Items listed in a dataset:
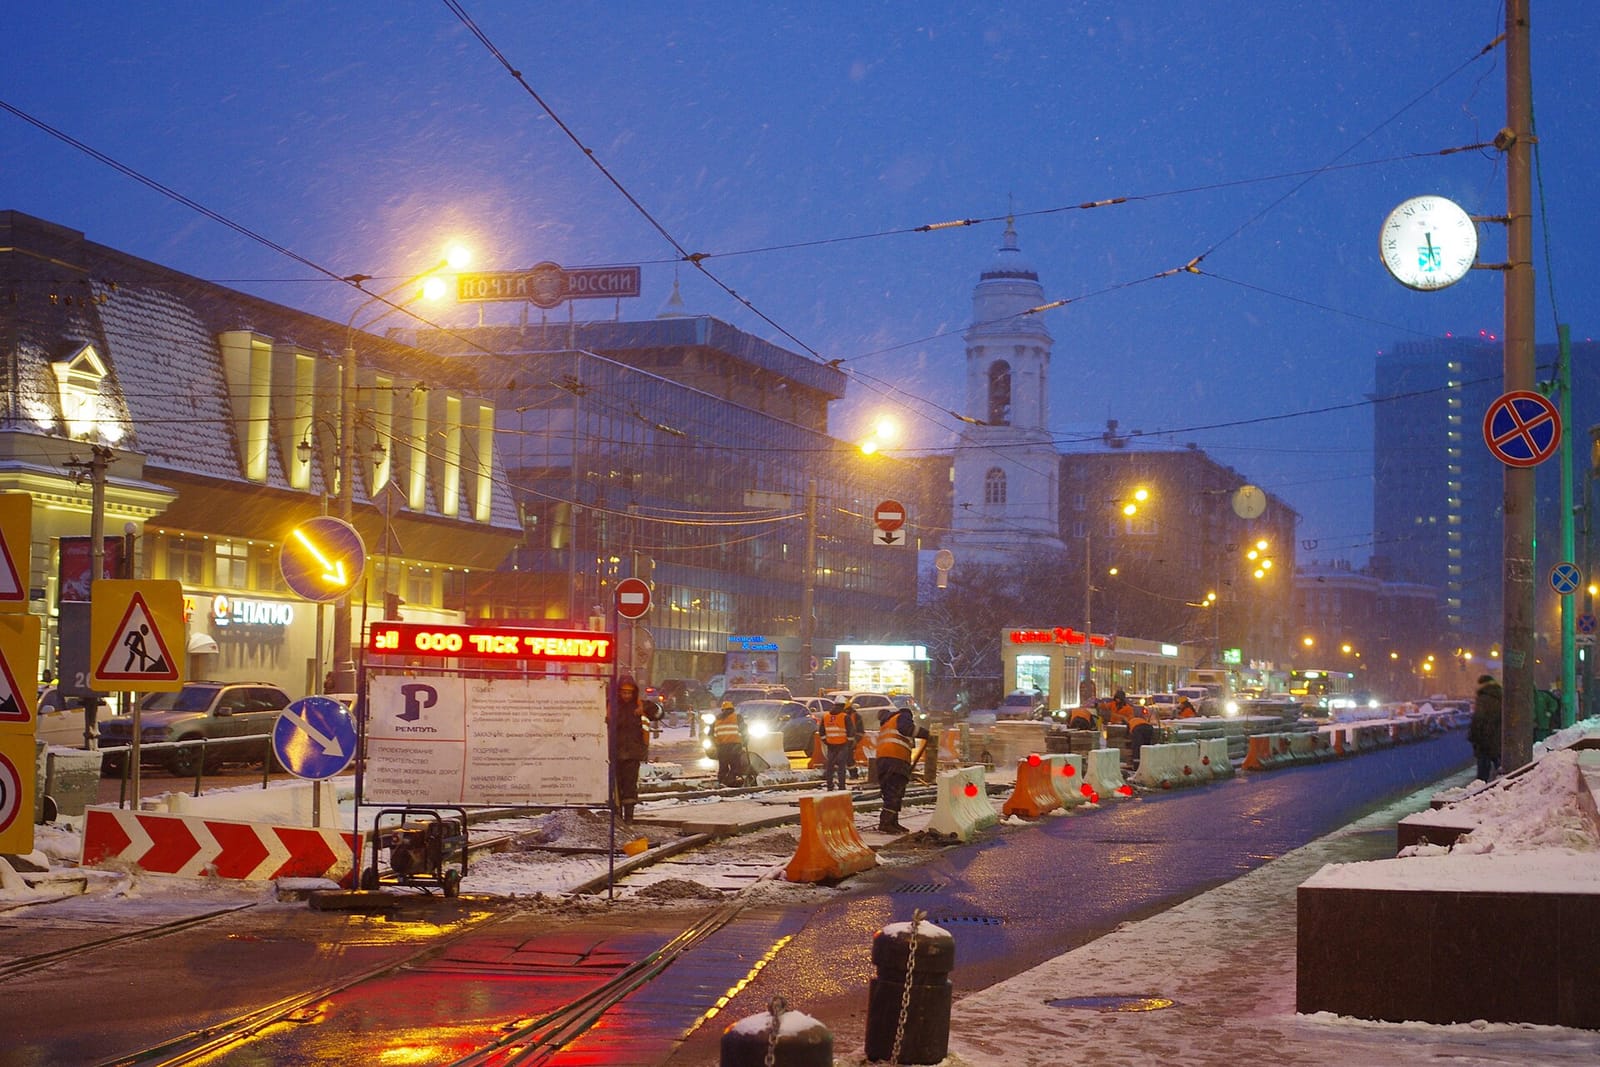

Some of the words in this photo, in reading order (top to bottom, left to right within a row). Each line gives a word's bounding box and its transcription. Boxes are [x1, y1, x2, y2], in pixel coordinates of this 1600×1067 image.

[463, 277, 528, 298] ПОЧТА
[568, 273, 631, 293] РОССИИ
[243, 601, 294, 626] ПАТИО
[415, 632, 463, 651] ООО
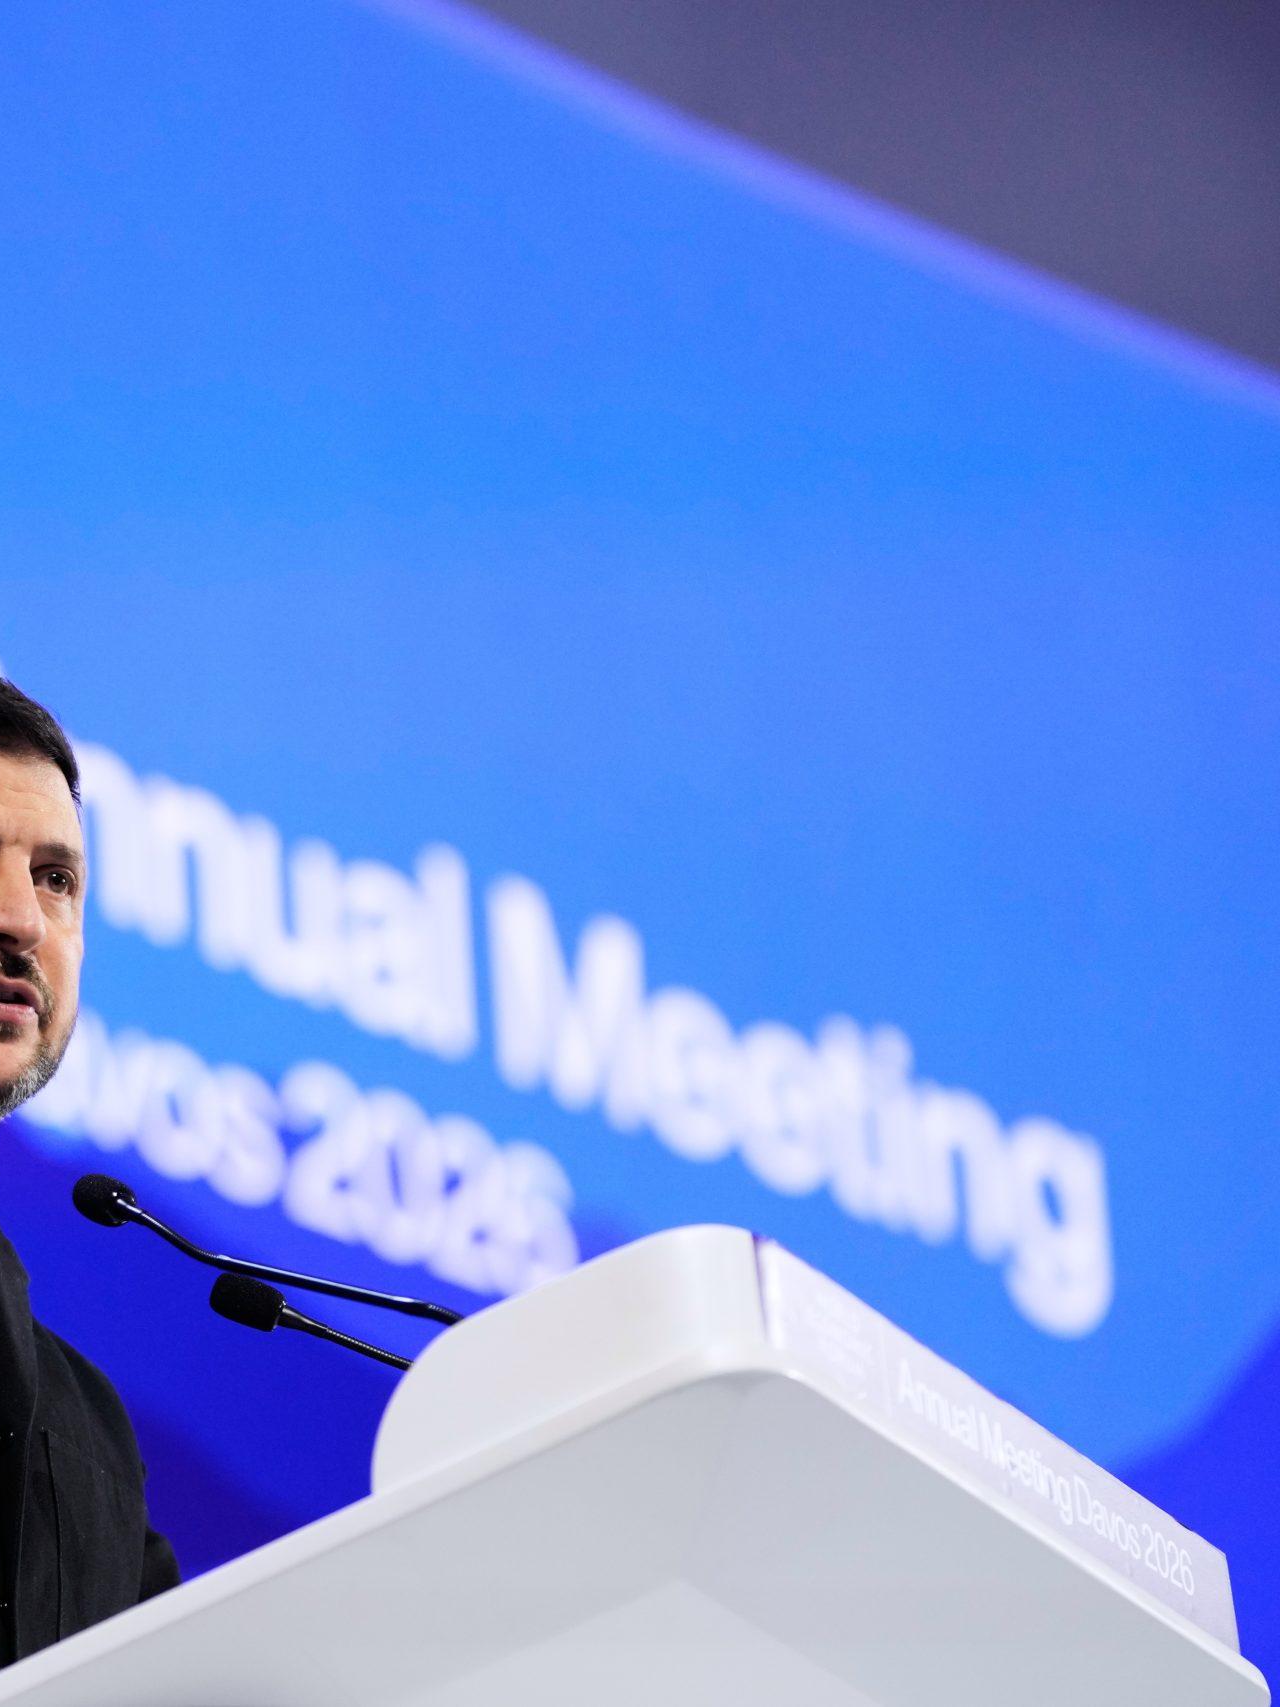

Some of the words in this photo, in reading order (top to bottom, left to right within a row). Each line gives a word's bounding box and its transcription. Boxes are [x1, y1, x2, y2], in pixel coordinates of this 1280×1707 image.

[280, 1059, 580, 1299] 2026
[486, 872, 1115, 1340] Meeting
[897, 1357, 979, 1452] Annual
[977, 1410, 1074, 1526] Meeting
[1072, 1474, 1142, 1560] Davos
[1139, 1522, 1196, 1596] 2026

• TASK DESCRIPTION:
Leave out the pictures and retype the rest of the entries exactly.

• RESULT FOR THIS TASK:
Some of the words in this photo, in reading order (top to bottom, left to right within a row). Each line gives a word's bounding box and its transcription. Boxes are [x1, y1, x2, y2], in pixel coordinates of this 1600×1067 image.

[463, 277, 528, 298] ПОЧТА
[568, 273, 631, 293] РОССИИ
[243, 601, 294, 626] ПАТИО
[415, 632, 463, 651] ООО

Some of the words in this photo, in reading order (top to bottom, left to right within a row). Each line gives a word's bounding box and its transcription. Boxes are [x1, y1, x2, y2], in pixel coordinates of this 1280×1707 image.

[280, 1059, 580, 1299] 2026
[486, 872, 1115, 1340] Meeting
[897, 1357, 979, 1452] Annual
[977, 1410, 1074, 1526] Meeting
[1072, 1474, 1142, 1560] Davos
[1139, 1522, 1196, 1596] 2026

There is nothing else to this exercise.